🍁
Jeongguk durdu ve sigarasının dumanını izledi. "Bende neler var bir bakalım."
Hae onun gibi çoktan dağılarak görünmez olan dumanı izlerken parmaklarını dudaklarına götürdü. Parmak uçları dudaklarını ileri geri dürterken yanındakinin devam etmesini bekledi.
"Sana eğer, birinin en derin yarasını açtığımı ve ardından hiçbir şey yapmadığımı söylesem, ne derdin?"
Jeongguk gözlerini yok olmuş dumanın olduğu yerden çekmiyordu ve konuşurken senkronize olmuş bir robotu andırıyordu. Hae dudağında yakaladığı bir parçayı sündürürken tavana bakarak düşünüyormuş gibi yaptı.
"Hiçbir şeyden kastın ne?"
"Çekip gitmek ve bir daha hiçbir iletişime geçmemek."
Hae yolduğu dudağını yaladı. Duyduğu sızı hoşuna giderken arkadaşına döndü, oldukça düz bir ifade ile cevapladı. "Bu senin için fazla piç bir hareket. Zalimce ve, ne derler? Acımasızca bilirsin. Daha kötü bir sıfat gelmedi aklıma."

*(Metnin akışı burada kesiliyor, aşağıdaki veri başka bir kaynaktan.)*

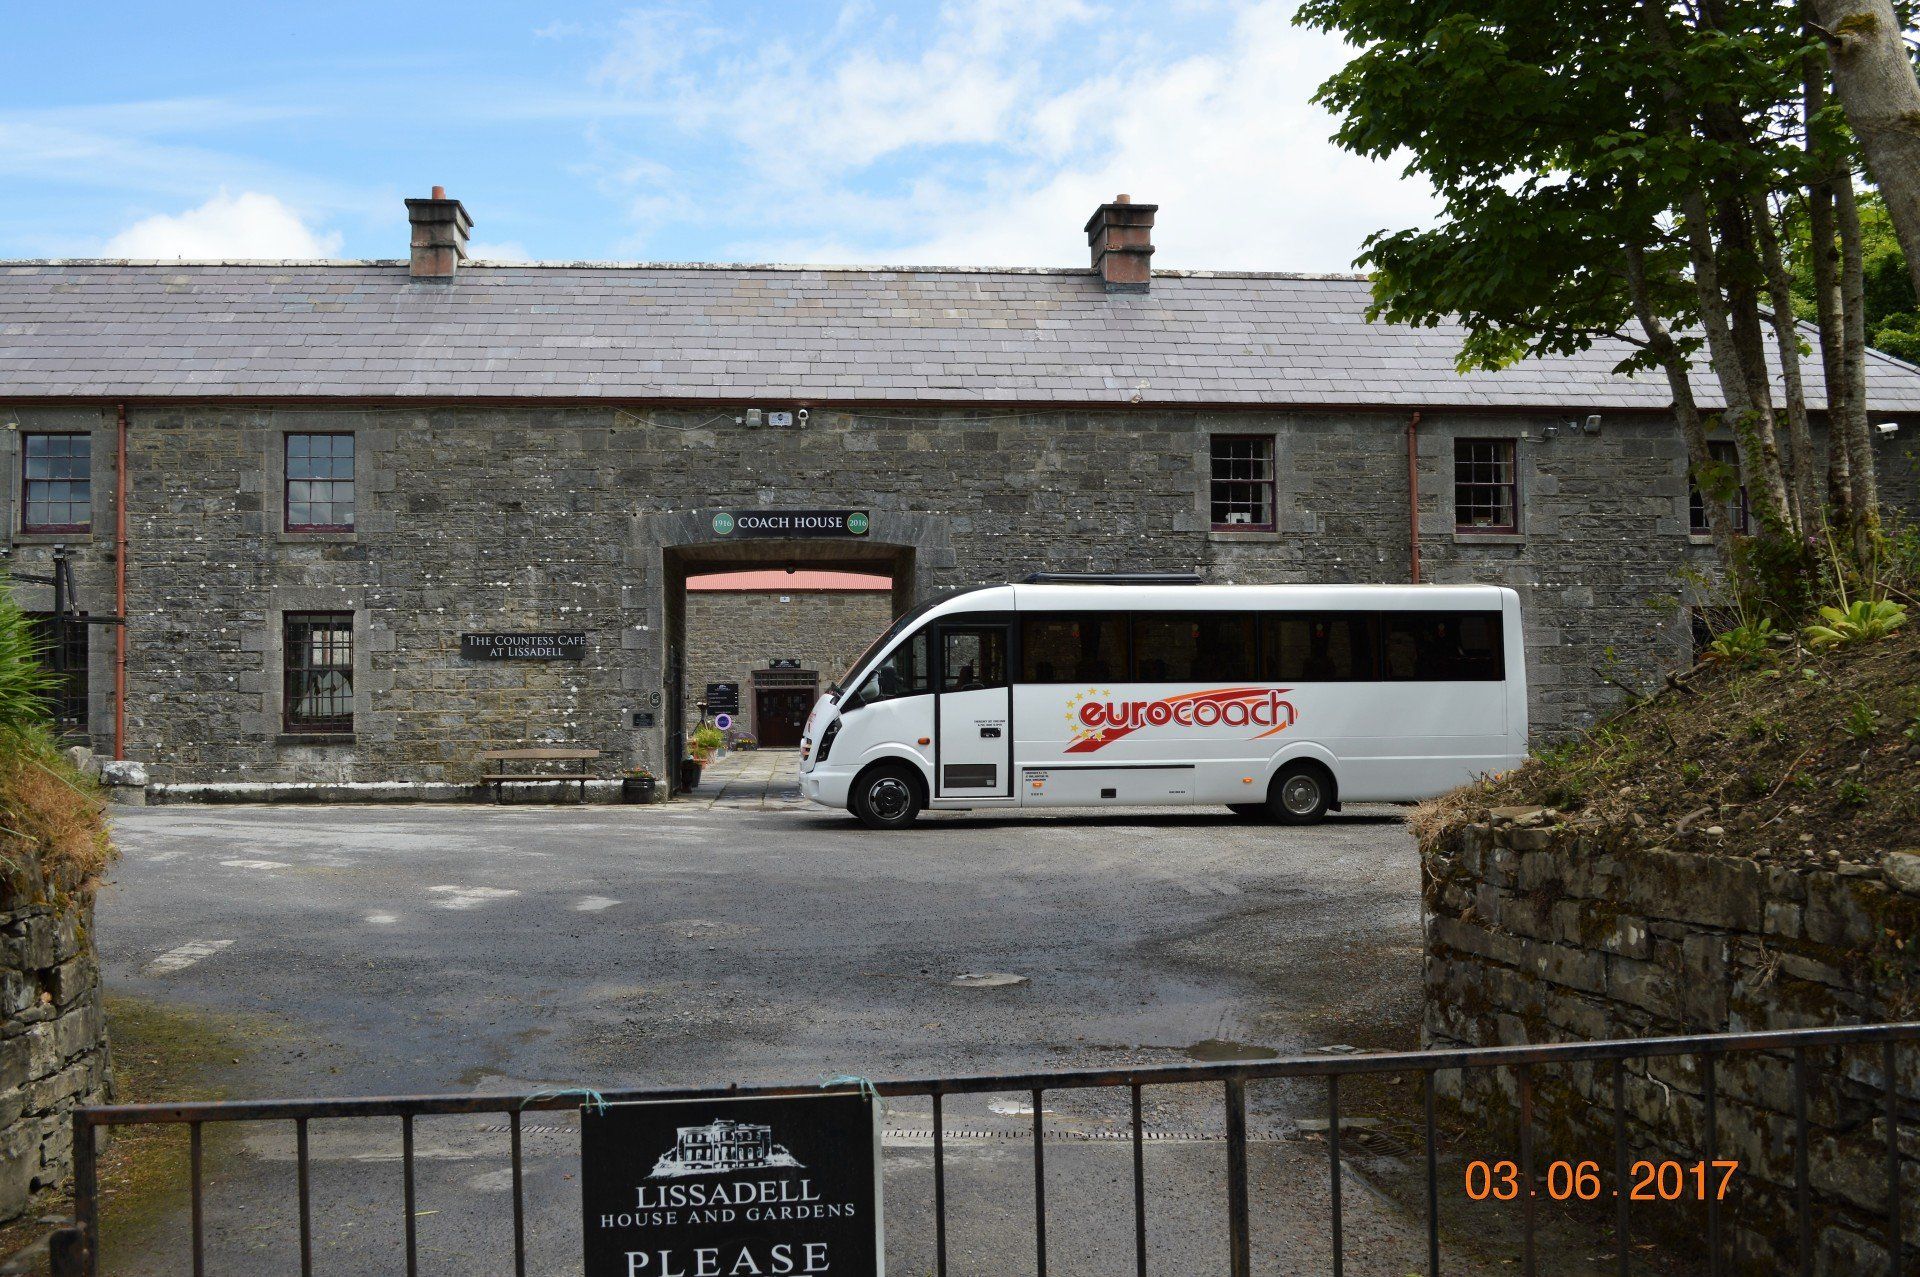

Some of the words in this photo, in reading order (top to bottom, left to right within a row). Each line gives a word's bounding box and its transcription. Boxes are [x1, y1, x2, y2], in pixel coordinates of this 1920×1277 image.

Jeongguk başını iki yana salladı teslimiyetle. İki parmağı arasındaki sigaranın dumanına bakan gözlerinin gördüğü bu değildi. Her göz kırpışında önüne görünen başka bir görüntü vardı: iri gözleri, kumral teni ve kıvrık uzun kirpikleri, kırmızı bal dudakları ile sevimli çenesi, düz kaşları ve kızıl kahkülleri ile şakaklarına doğru yol çizen yaşları.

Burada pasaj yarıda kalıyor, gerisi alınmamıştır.